* Requirement: Give back the data exactly, with no images.

═══ Exercise data

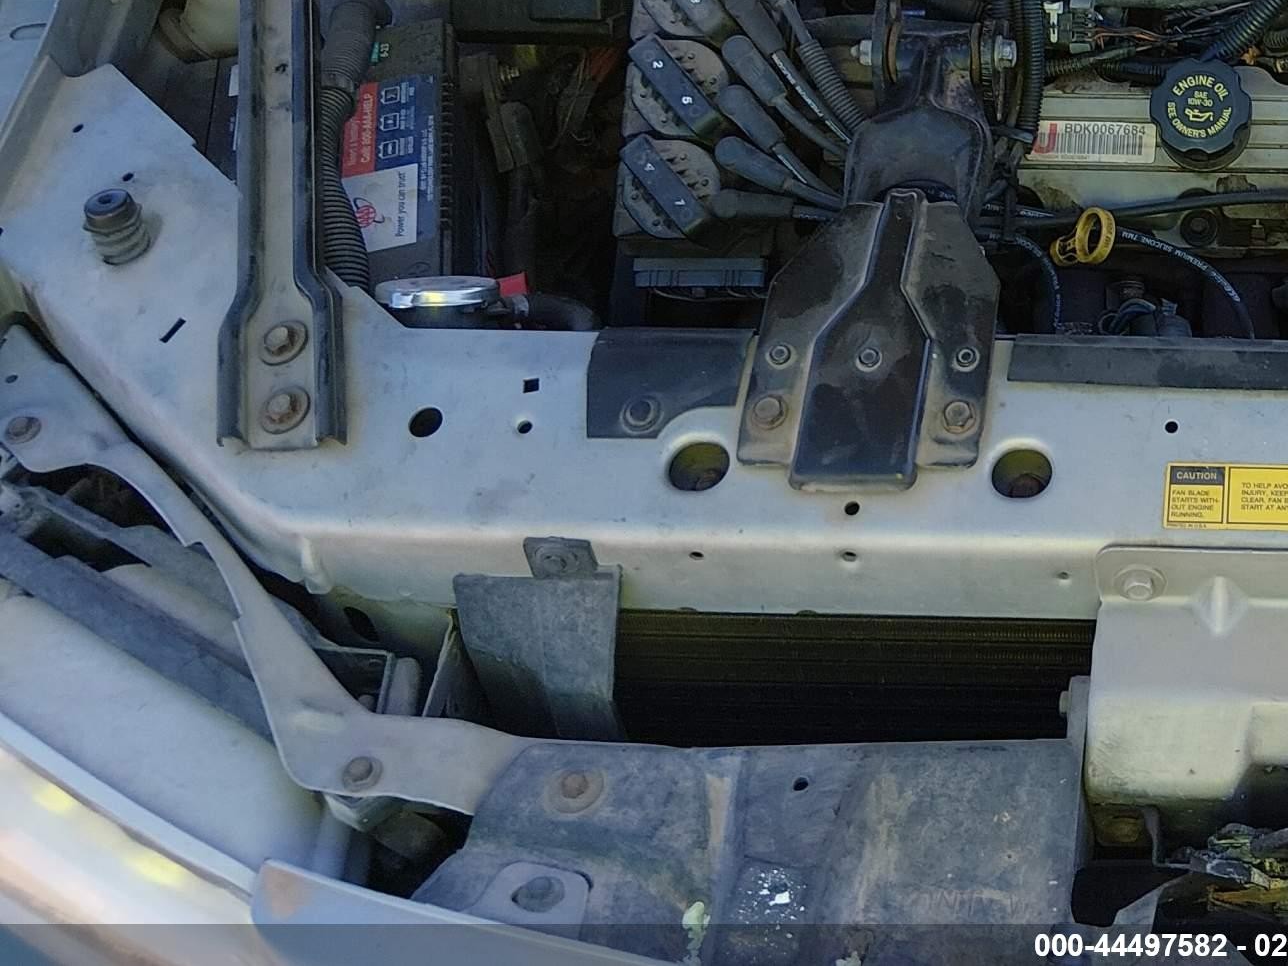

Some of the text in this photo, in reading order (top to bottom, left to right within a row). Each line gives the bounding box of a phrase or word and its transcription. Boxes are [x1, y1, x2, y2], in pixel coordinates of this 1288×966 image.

[652, 60, 664, 70] 2
[1172, 75, 1229, 102] ENGINE OIL
[1194, 90, 1208, 99] SAE
[1187, 97, 1213, 107] 10W-30
[1167, 101, 1232, 138] SEE OWNER'S MANUAL
[1032, 122, 1146, 154] J BDK0067684
[643, 162, 656, 172] 4
[398, 189, 406, 201] can
[397, 201, 407, 215] you
[395, 215, 405, 237] Power
[1141, 236, 1173, 253] SILICONE
[1174, 248, 1208, 271] PREMIUM
[1176, 471, 1217, 480] CAUTION

══════

* Answer box:
Some of the text in this photo, in reading order (top to bottom, left to right within a row). Each line gives the bounding box of a phrase or word and its transcription. Boxes are [x1, y1, x2, y2], in pixel coordinates of this 1288×966 image.

[652, 60, 664, 70] 2
[1172, 75, 1229, 102] ENGINE OIL
[1194, 90, 1208, 99] SAE
[1187, 97, 1213, 107] 10W-30
[1167, 101, 1232, 138] SEE OWNER'S MANUAL
[1032, 122, 1146, 154] J BDK0067684
[643, 162, 656, 172] 4
[398, 189, 406, 201] can
[397, 201, 407, 215] you
[395, 215, 405, 237] Power
[1141, 236, 1173, 253] SILICONE
[1174, 248, 1208, 271] PREMIUM
[1176, 471, 1217, 480] CAUTION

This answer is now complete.